With the exponential increase in energy demand due to population growth, and the United Nations’ sustainable development goal to facilitate the world with affordable and clean energy in the context of global climate change under the Paris climate accord, much research has been required, since 73% of greenhouse gas emissions are due to the energy sector [1,2,3]. However, the photovoltaic (PV) system’s energy output without stack emissions reduces the dependence on conventional technologies, effectively mitigating greenhouse emissions [4]. This has resulted in higher penetration of PV systems into the main grid globally, as PV, along with wind, is estimated to meet 88% of the global energy demand by 2050 [5]. The global penetration of PV systems and the increasing volume of solar PV installed capacity from 2011 to 2021 are depicted in Figure 1.

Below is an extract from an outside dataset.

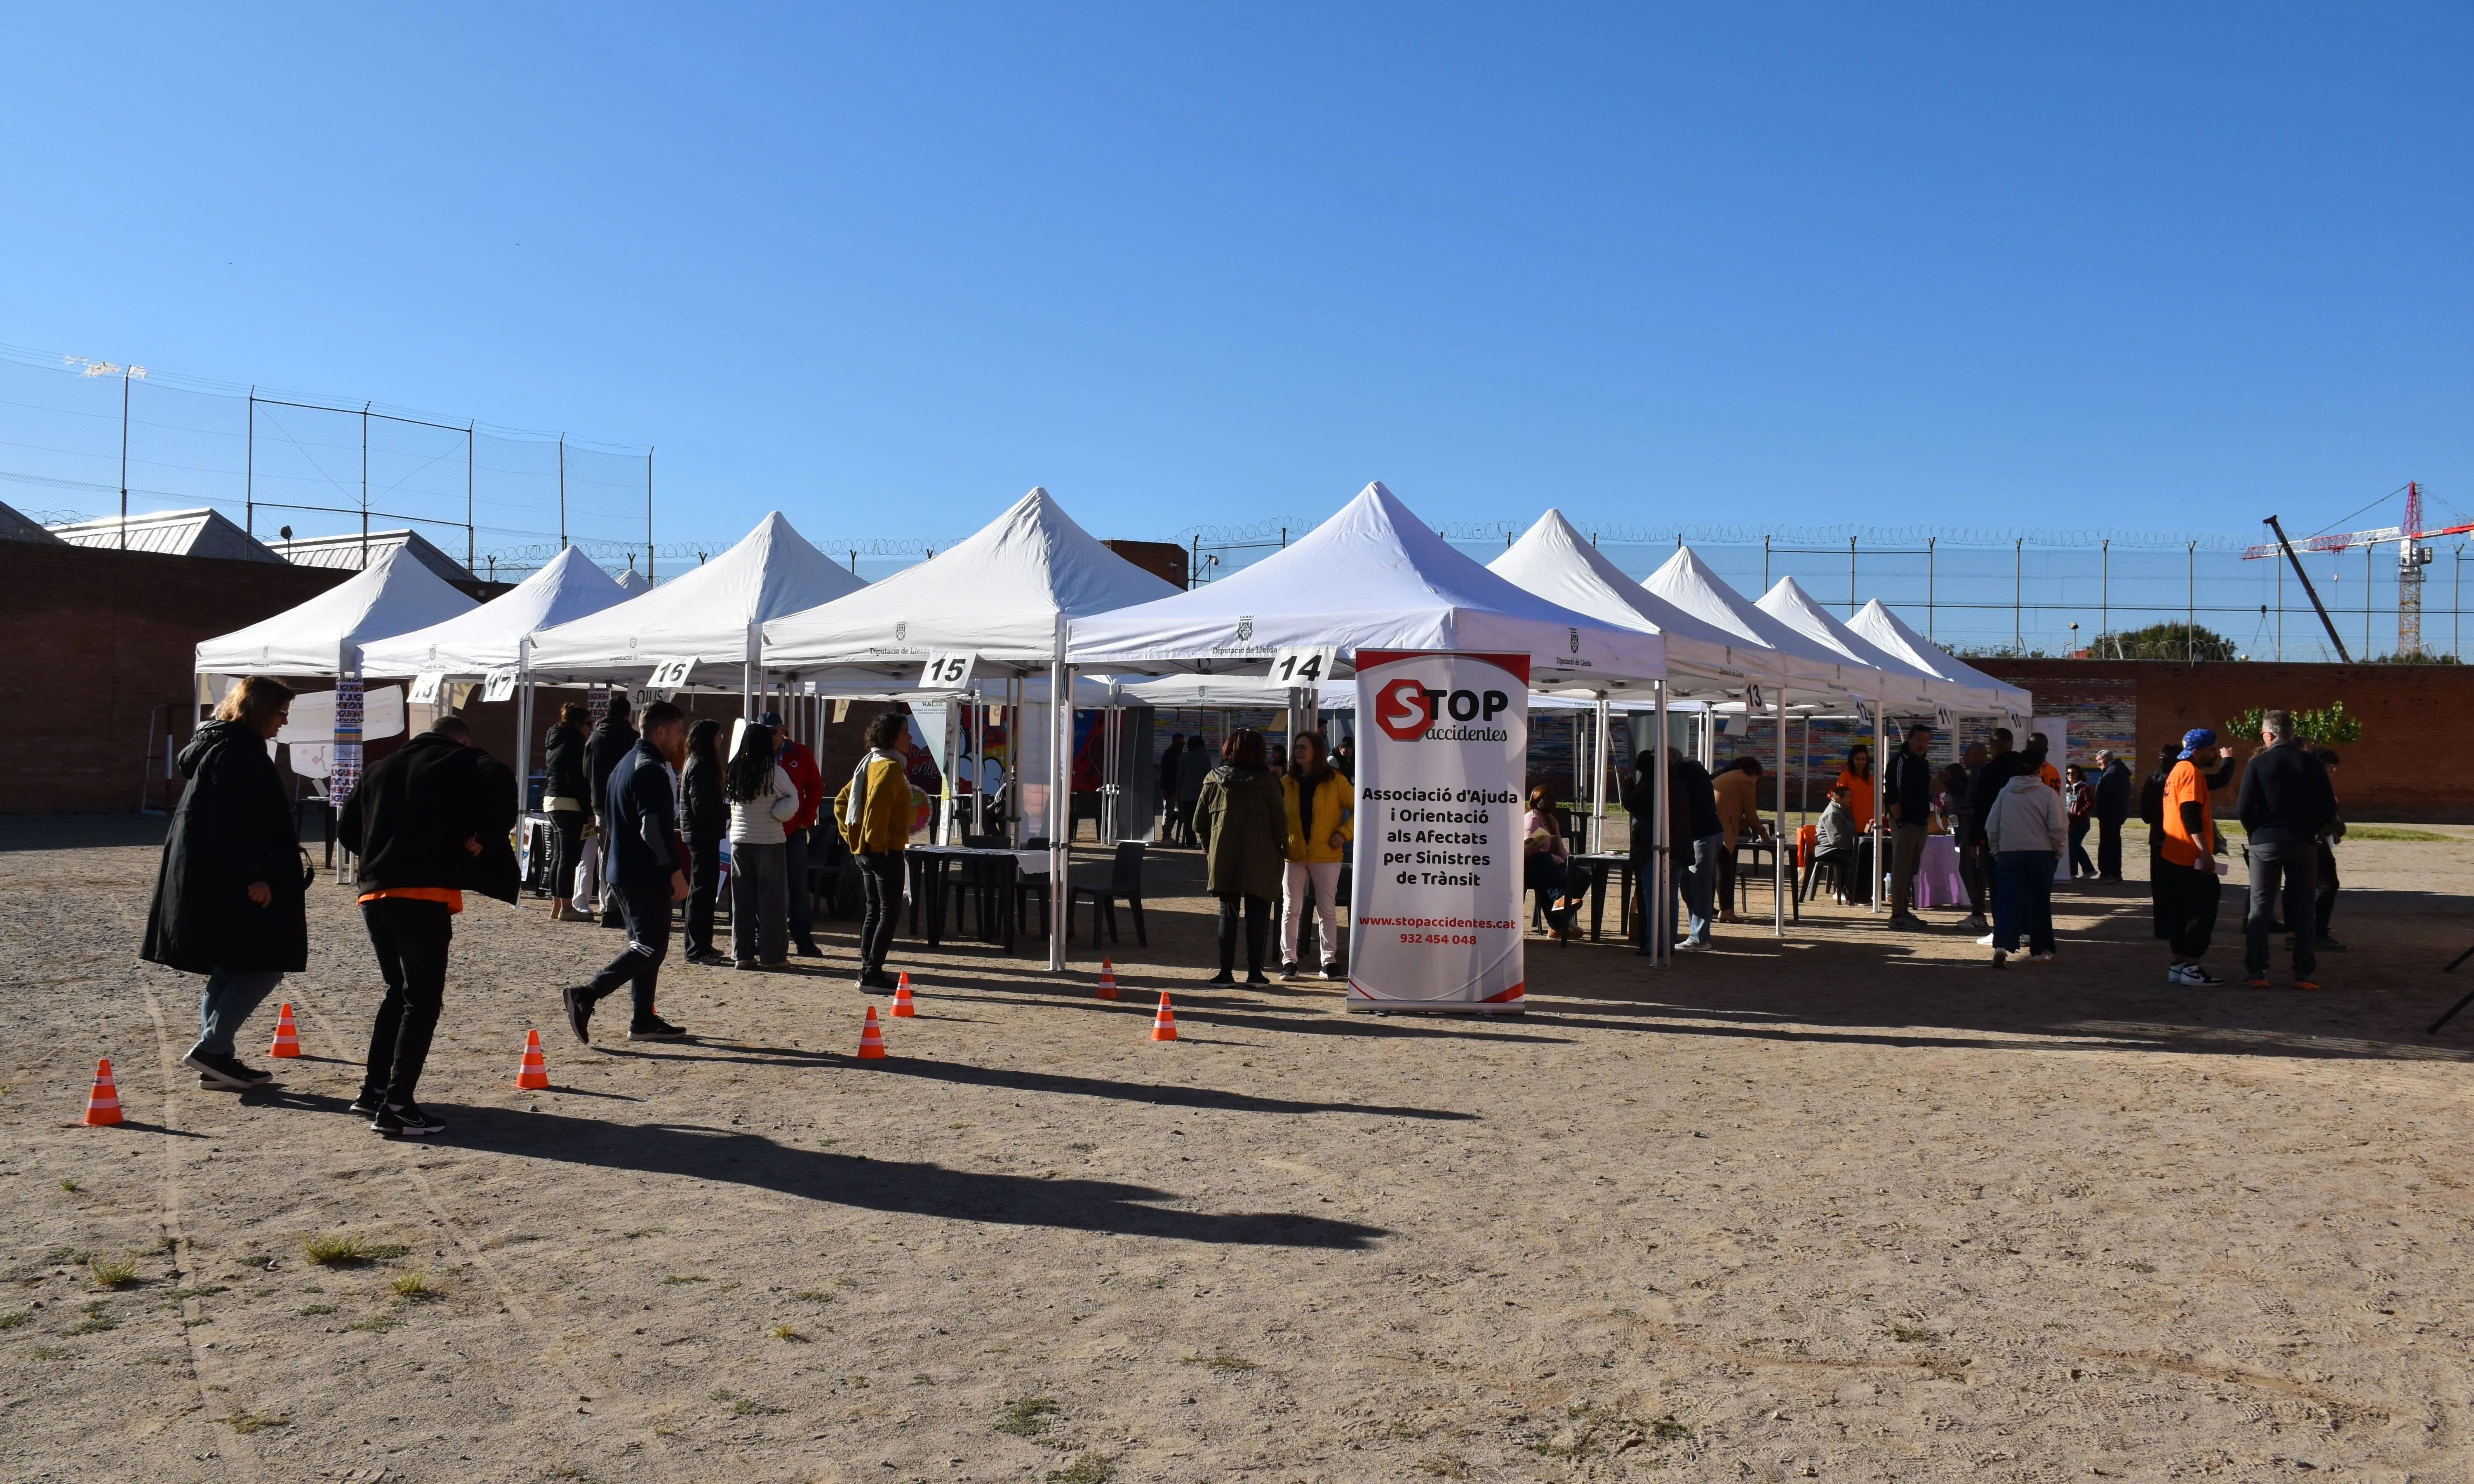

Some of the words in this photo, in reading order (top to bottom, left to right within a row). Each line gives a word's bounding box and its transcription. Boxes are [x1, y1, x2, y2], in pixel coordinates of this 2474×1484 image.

In the presence of environmental stresses experienced during its operation, the PV system faces issues like hotspots and faults due to defects arising from natural parameters such as bird droppings, shading, snow, dust, etc. This decreases the PV system’s performance, creates reliability issues, and increases the payback time [4,5,7,8,9,10,11,12,13,14,15]. These pollutants’ accumulation on the PV panel surface reduces photon transmission, in turn reducing the activation energy for valence electrons. The PV cells beneath pollutants operate in the reverse region (higher resistance), restrict the current coming from healthy PV cells due to their series connection, and create localized high-temperature areas known as hotspots [4,5,16]. The existence of hotspots for a longer period may lead to irreversible damage to PV panels, such as wire meltdown, burning, cracks, etc. Therefore, it requires replacing the PV panel with a new one of a similar rating [16]. Around 18% and 23% of defect sources are hotspots and cell cracks, respectively [17].

Therefore, PV system health monitoring and identifying defects are of utmost importance to maintain the system’s performance, reliability, cash flows, and greenhouse gas mitigation potential [4,5,9,18]. The PV system faces issues at the module level (protection breakdown, bypass diode failure, hotspots, wiring, shade, mismatches, etc.) and array level (electrical mismatch, faults, etc.) [18]. Figure 2 shows the protection breakdown of the PV module. However, all the PV system issues are not identifiable by the naked eye, and automation is highly desirable, especially in megawatt projects [4,5]. Therefore, multiple approaches are widely used in the literature to identify and classify based on PV panel health, such as electrical signals (current and voltage characteristics [I–V]), infrared thermographs, electroluminescence, fluorescence, photoluminescence, etc. [4,5,11,19,20,21,22,23]. Monitoring PV systems has its advantages and limitations. For instance, I–V-based measurements are convenient with instant feedback (sensors) capability for PV condition monitoring [17].

However, infrared thermographs are widely used due to their cost-effectiveness, speed, accuracy, low storage requirements, non-invasive approach, etc. [4].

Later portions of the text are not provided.